# WHAT THE TASK ASKS:
Give a verbatim copy of the data, leaving the pictures out.

# MATERIAL FOR THE TASK:
=-=-=-=-=
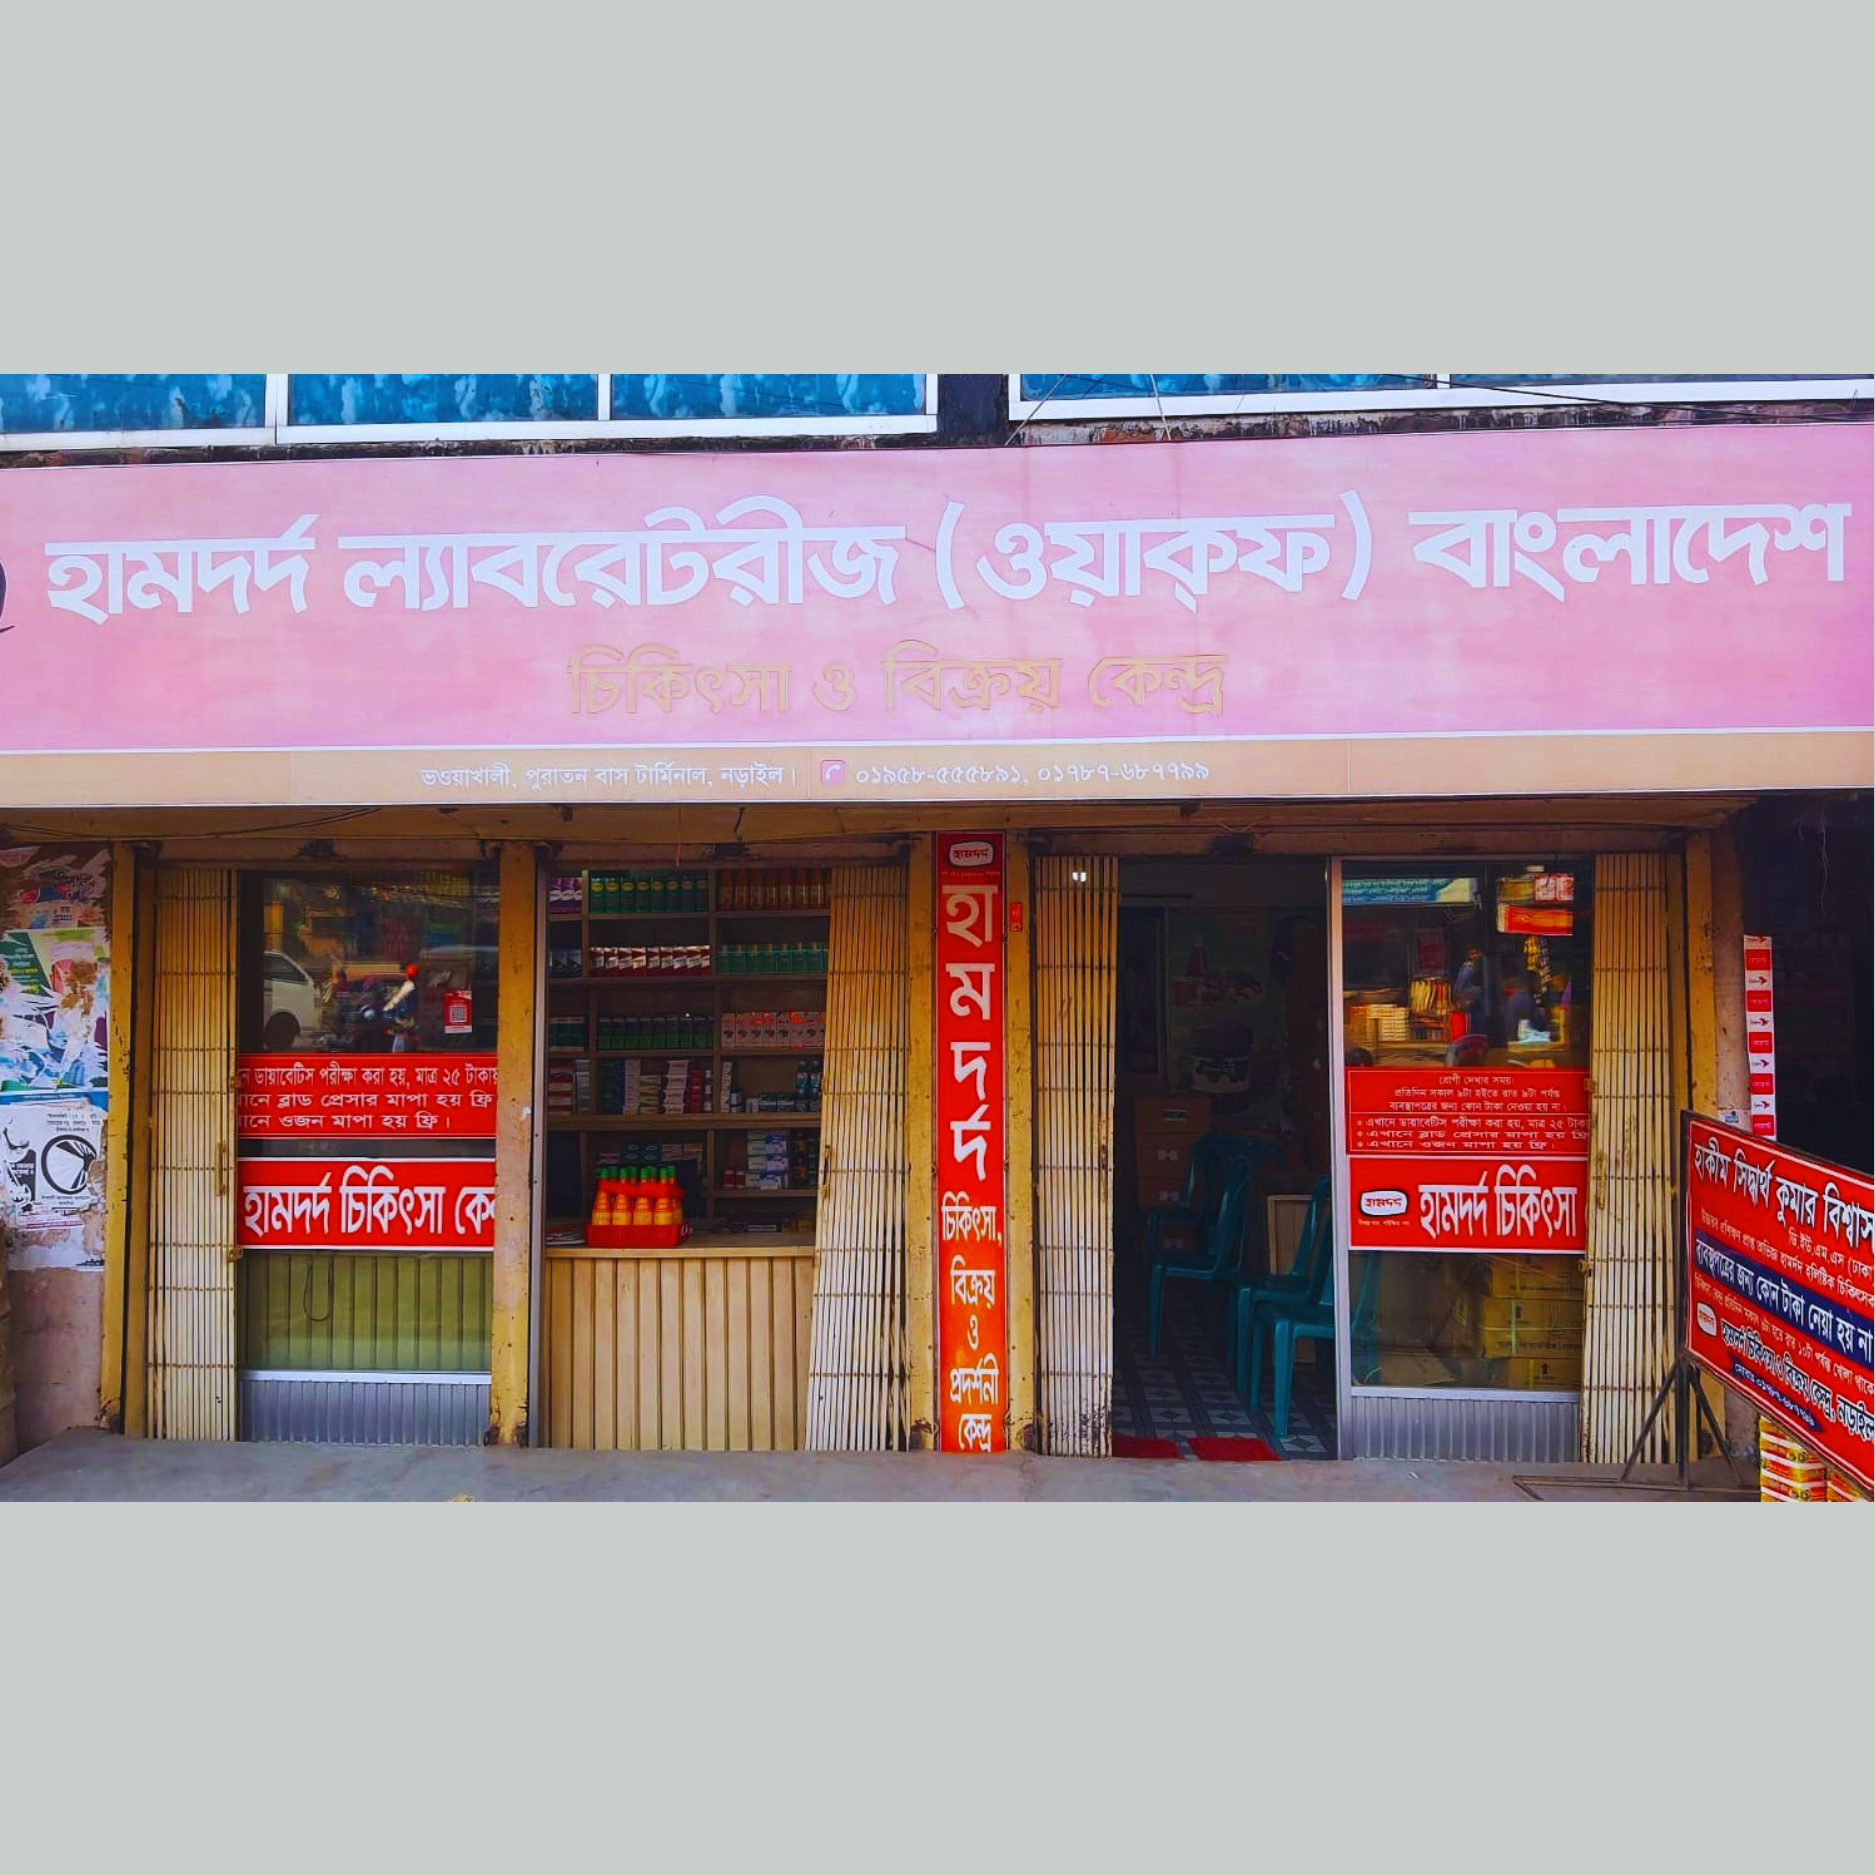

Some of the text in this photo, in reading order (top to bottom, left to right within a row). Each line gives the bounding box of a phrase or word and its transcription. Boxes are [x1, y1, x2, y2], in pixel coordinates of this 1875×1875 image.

[44, 514, 320, 625] হামদর্দ
[338, 496, 906, 612] ল্যাবরেটরীজ
[1408, 502, 1852, 602] বাংলাদেশ
[567, 639, 1228, 718] চিকিৎসা ও বিক্রয় কেন্দ্র
[525, 768, 587, 790] পুরাতন
[595, 769, 628, 786] বাস
[254, 1062, 314, 1086] ডায়াবেটিস
[320, 1061, 357, 1086] পরীক্ষা
[361, 1067, 384, 1085] করা
[415, 1068, 438, 1086] মাত্র
[443, 1069, 460, 1086] ২৫
[1439, 1073, 1460, 1085] রোগী
[277, 1093, 313, 1108] ব্লাড
[321, 1093, 379, 1107] প্রেসার
[387, 1093, 428, 1107] মাপা
[436, 1093, 463, 1107] হয়
[469, 1090, 495, 1108] ফ্রি
[280, 1115, 324, 1128] ওজন
[332, 1115, 375, 1128] মাপা
[381, 1115, 409, 1129] হয়
[1549, 1119, 1563, 1131] ২৫
[244, 1172, 332, 1237] হামদর্দ
[339, 1165, 446, 1235] চিকিৎসা
[1418, 1164, 1578, 1239] হামদর্দ চিকিৎসা
[1694, 1137, 1732, 1190] হাকীম
[1775, 1176, 1819, 1228] কুমার
[950, 1255, 996, 1309] বিক্রয়
[967, 1315, 979, 1350] ও
[1736, 1263, 1754, 1296] জন্য
[1756, 1276, 1780, 1311] কোন
[1780, 1278, 1805, 1326] টাকা
[1809, 1303, 1834, 1342] নেয়া
[1835, 1317, 1855, 1353] হয়
[1857, 1328, 1874, 1364] না
[950, 1353, 999, 1405] প্রদর্শনী
[958, 1413, 992, 1453] কেন্দ্র
=-=-=-=-=
# ANSWER TO THE EXERCISE:
Some of the text in this photo, in reading order (top to bottom, left to right within a row). Each line gives the bounding box of a phrase or word and its transcription. Boxes are [x1, y1, x2, y2], in pixel coordinates of this 1875×1875 image.

[44, 514, 320, 625] হামদর্দ
[338, 496, 906, 612] ল্যাবরেটরীজ
[1408, 502, 1852, 602] বাংলাদেশ
[567, 639, 1228, 718] চিকিৎসা ও বিক্রয় কেন্দ্র
[525, 768, 587, 790] পুরাতন
[595, 769, 628, 786] বাস
[254, 1062, 314, 1086] ডায়াবেটিস
[320, 1061, 357, 1086] পরীক্ষা
[361, 1067, 384, 1085] করা
[415, 1068, 438, 1086] মাত্র
[443, 1069, 460, 1086] ২৫
[1439, 1073, 1460, 1085] রোগী
[277, 1093, 313, 1108] ব্লাড
[321, 1093, 379, 1107] প্রেসার
[387, 1093, 428, 1107] মাপা
[436, 1093, 463, 1107] হয়
[469, 1090, 495, 1108] ফ্রি
[280, 1115, 324, 1128] ওজন
[332, 1115, 375, 1128] মাপা
[381, 1115, 409, 1129] হয়
[1549, 1119, 1563, 1131] ২৫
[244, 1172, 332, 1237] হামদর্দ
[339, 1165, 446, 1235] চিকিৎসা
[1418, 1164, 1578, 1239] হামদর্দ চিকিৎসা
[1694, 1137, 1732, 1190] হাকীম
[1775, 1176, 1819, 1228] কুমার
[950, 1255, 996, 1309] বিক্রয়
[967, 1315, 979, 1350] ও
[1736, 1263, 1754, 1296] জন্য
[1756, 1276, 1780, 1311] কোন
[1780, 1278, 1805, 1326] টাকা
[1809, 1303, 1834, 1342] নেয়া
[1835, 1317, 1855, 1353] হয়
[1857, 1328, 1874, 1364] না
[950, 1353, 999, 1405] প্রদর্শনী
[958, 1413, 992, 1453] কেন্দ্র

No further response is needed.